──────── Records shown ────────

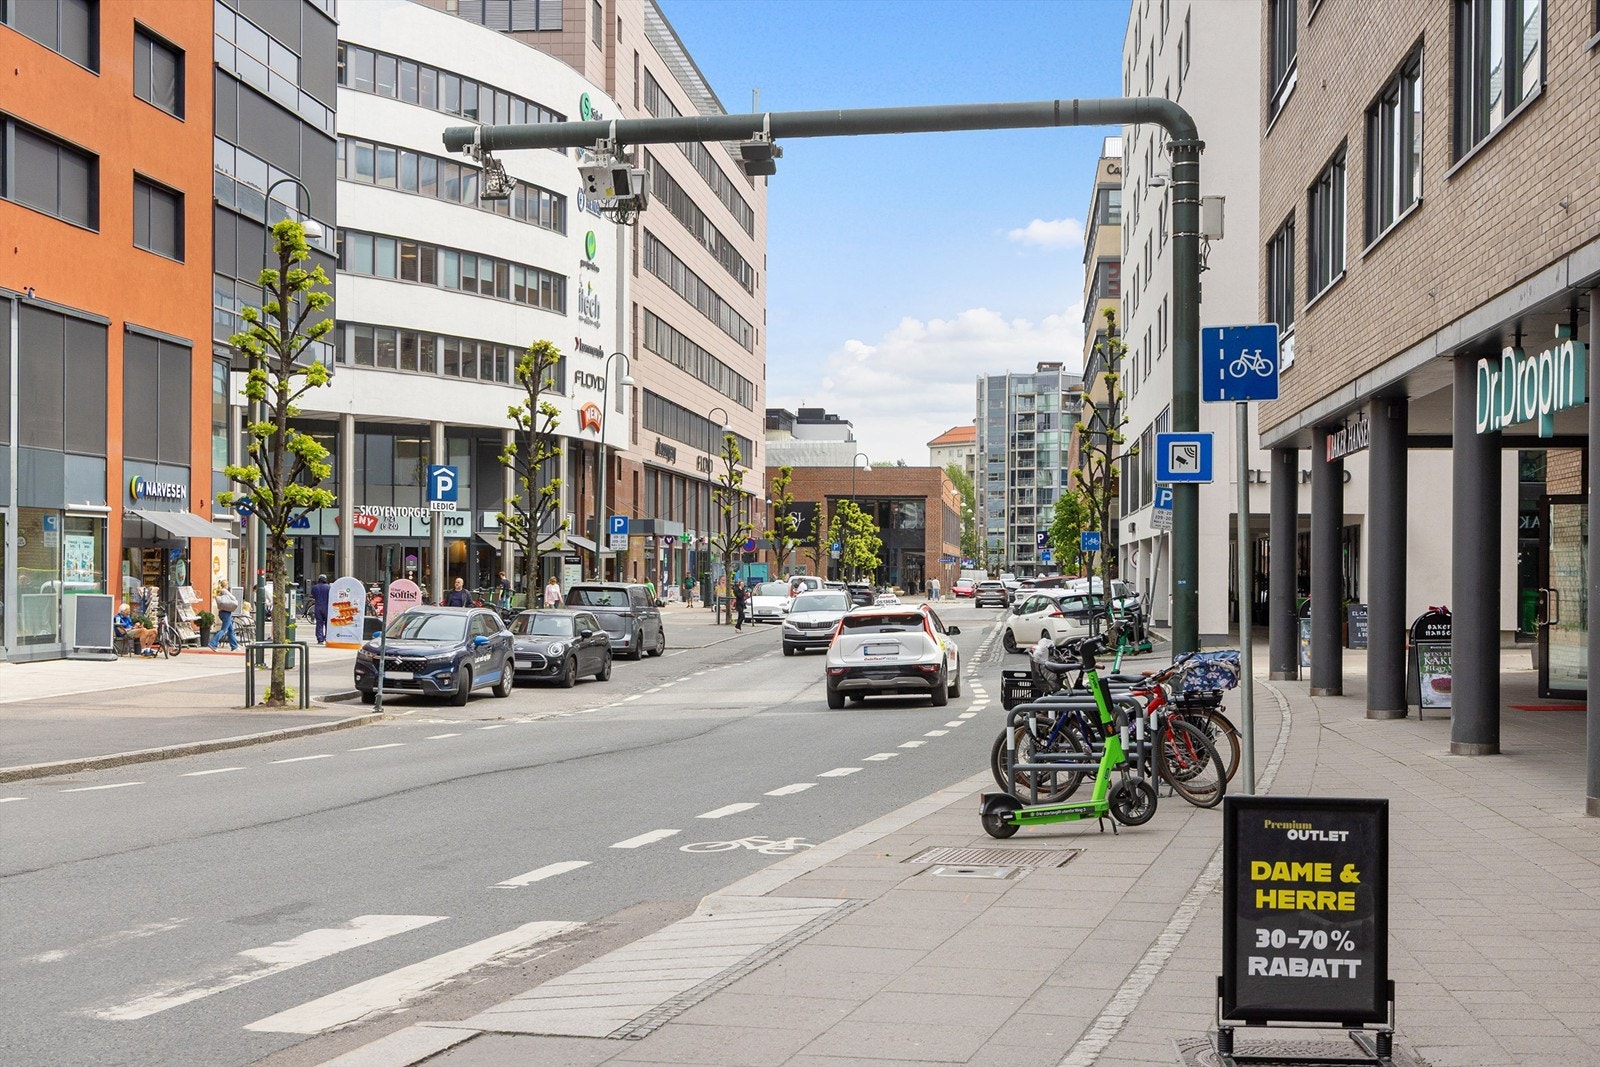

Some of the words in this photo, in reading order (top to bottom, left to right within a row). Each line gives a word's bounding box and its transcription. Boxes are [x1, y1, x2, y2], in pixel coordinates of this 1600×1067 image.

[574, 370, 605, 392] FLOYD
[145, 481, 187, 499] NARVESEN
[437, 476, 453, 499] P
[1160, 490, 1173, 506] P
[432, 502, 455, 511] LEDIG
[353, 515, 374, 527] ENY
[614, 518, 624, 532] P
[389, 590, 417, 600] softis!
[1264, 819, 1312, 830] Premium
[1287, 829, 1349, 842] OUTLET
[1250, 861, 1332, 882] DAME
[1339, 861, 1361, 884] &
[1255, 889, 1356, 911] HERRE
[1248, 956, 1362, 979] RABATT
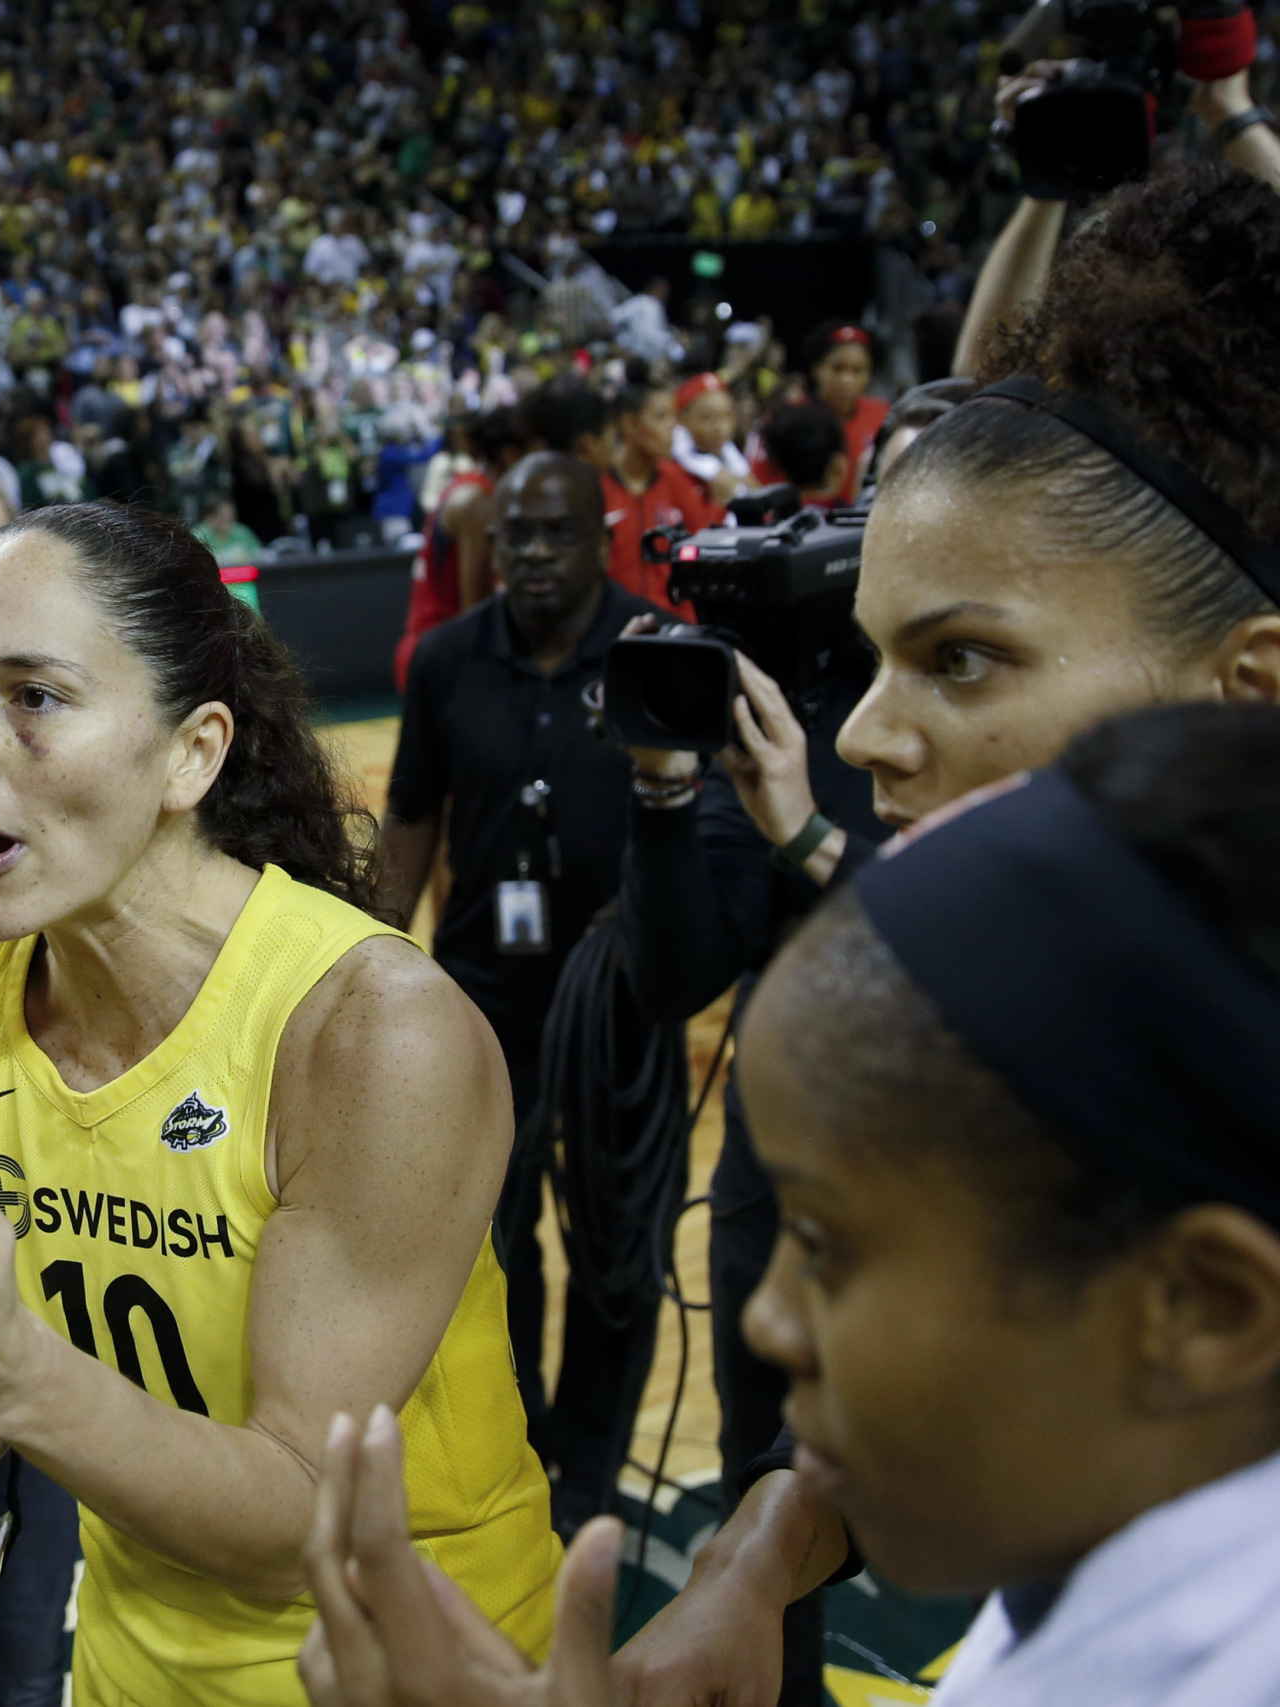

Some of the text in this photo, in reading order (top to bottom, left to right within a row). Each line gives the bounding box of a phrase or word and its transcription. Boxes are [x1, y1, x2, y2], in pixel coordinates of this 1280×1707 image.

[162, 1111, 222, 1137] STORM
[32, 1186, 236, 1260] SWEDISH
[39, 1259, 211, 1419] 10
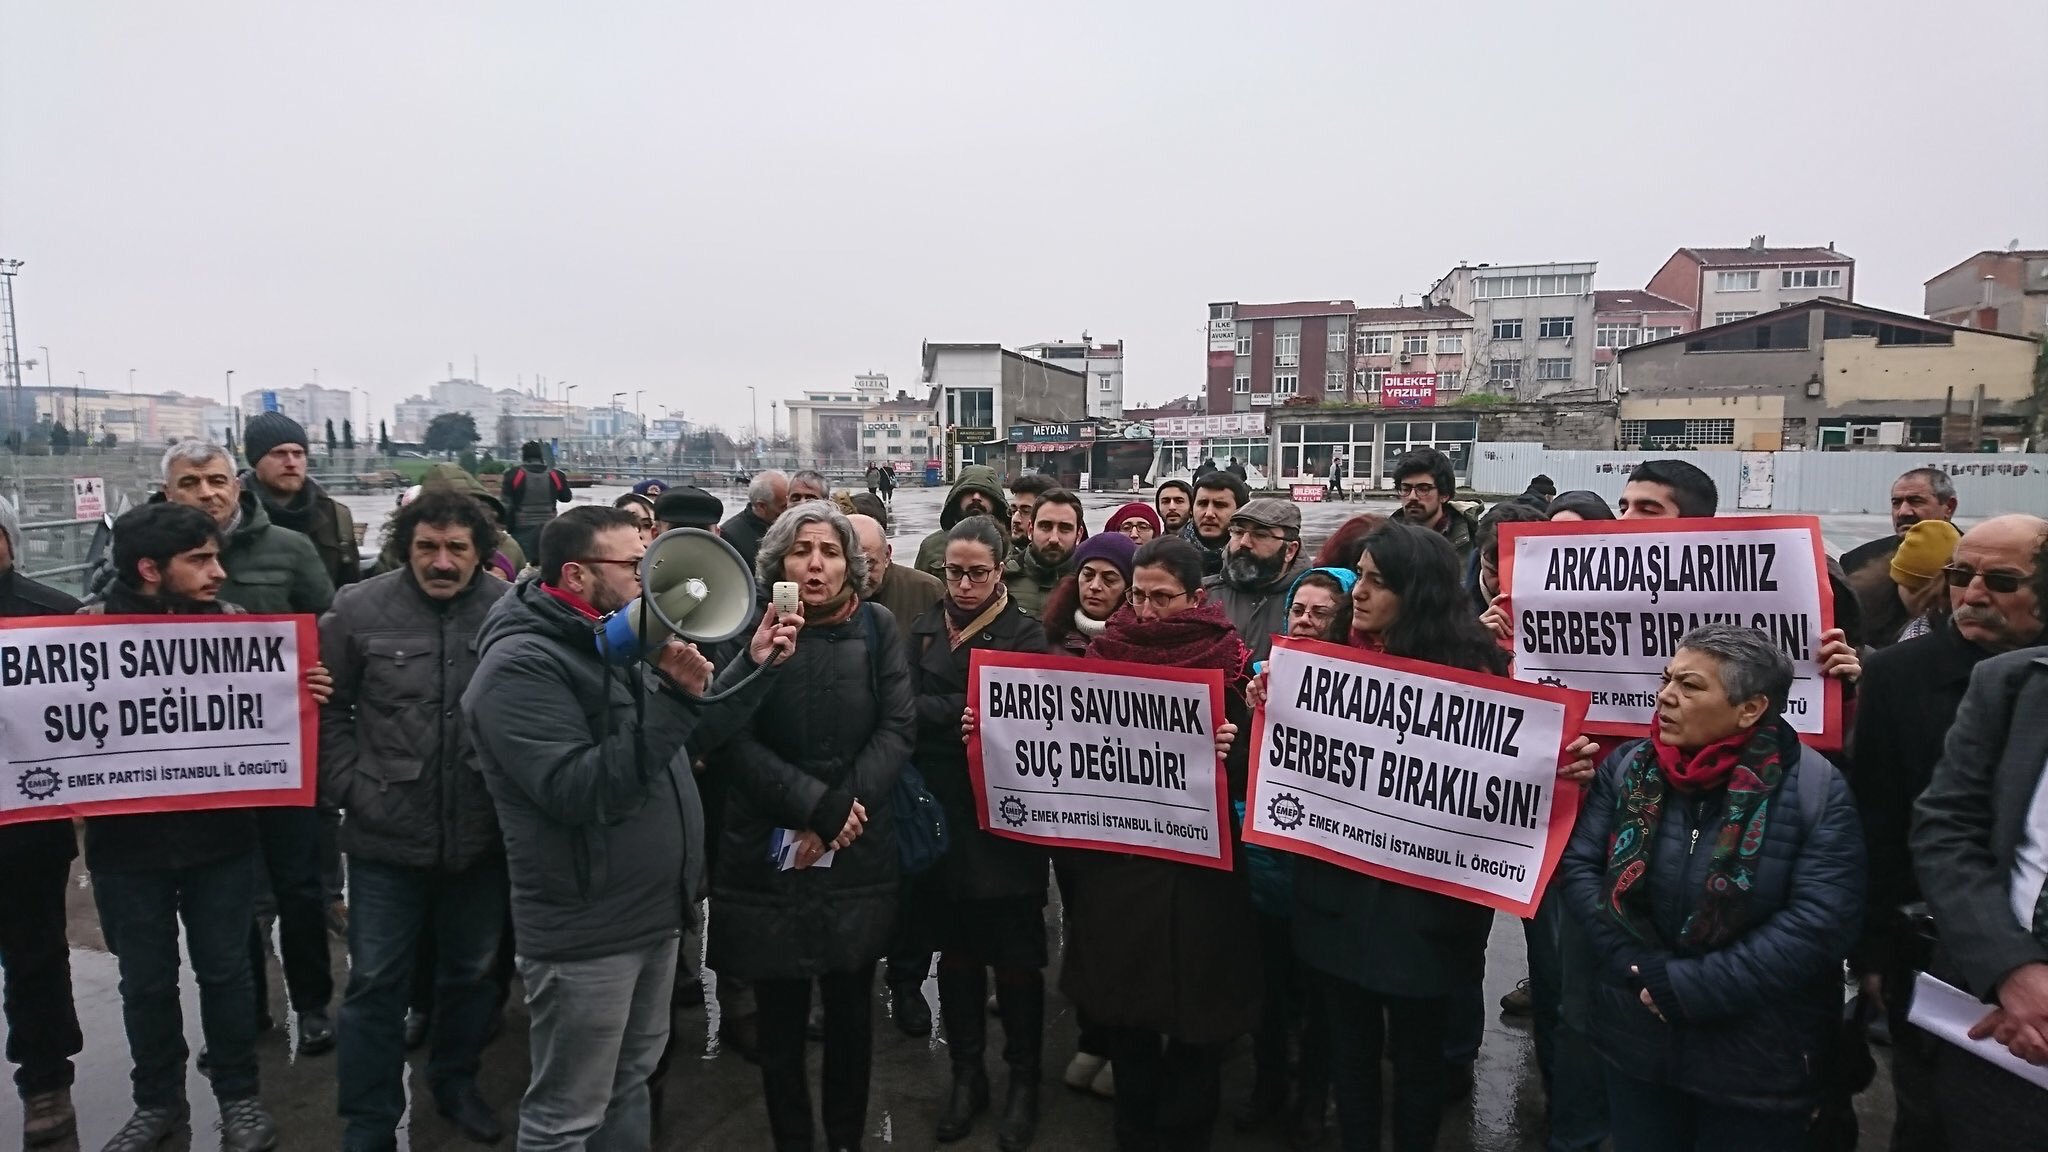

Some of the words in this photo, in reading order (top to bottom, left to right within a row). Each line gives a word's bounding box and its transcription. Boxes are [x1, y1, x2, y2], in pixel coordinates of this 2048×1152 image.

────────

### Work instruction:
The answer must be the full set of records, repeated exactly, with no pictures.

### Answer for this exercise:
Some of the words in this photo, in reading order (top to bottom, left to right within a row). Each line gives a word's bounding box and its transcription. Boxes are [x1, y1, x2, y2], in pixel coordinates of this 1600×1067 image.

[574, 370, 605, 392] FLOYD
[145, 481, 187, 499] NARVESEN
[437, 476, 453, 499] P
[1160, 490, 1173, 506] P
[432, 502, 455, 511] LEDIG
[353, 515, 374, 527] ENY
[614, 518, 624, 532] P
[389, 590, 417, 600] softis!
[1264, 819, 1312, 830] Premium
[1287, 829, 1349, 842] OUTLET
[1250, 861, 1332, 882] DAME
[1339, 861, 1361, 884] &
[1255, 889, 1356, 911] HERRE
[1248, 956, 1362, 979] RABATT

Some of the text in this photo, in reading order (top to bottom, left to right within a row). Each line gives the bounding box of a phrase or word and its transcription. Boxes are [x1, y1, x2, y2], in pixel coordinates of this 1280×1707 image.

[162, 1111, 222, 1137] STORM
[32, 1186, 236, 1260] SWEDISH
[39, 1259, 211, 1419] 10

Some of the words in this photo, in reading order (top to bottom, left to right within a row). Each line gives a word's bounding box and its transcription. Boxes are [x1, y1, x2, y2], in pixel coordinates of this 2048×1152 image.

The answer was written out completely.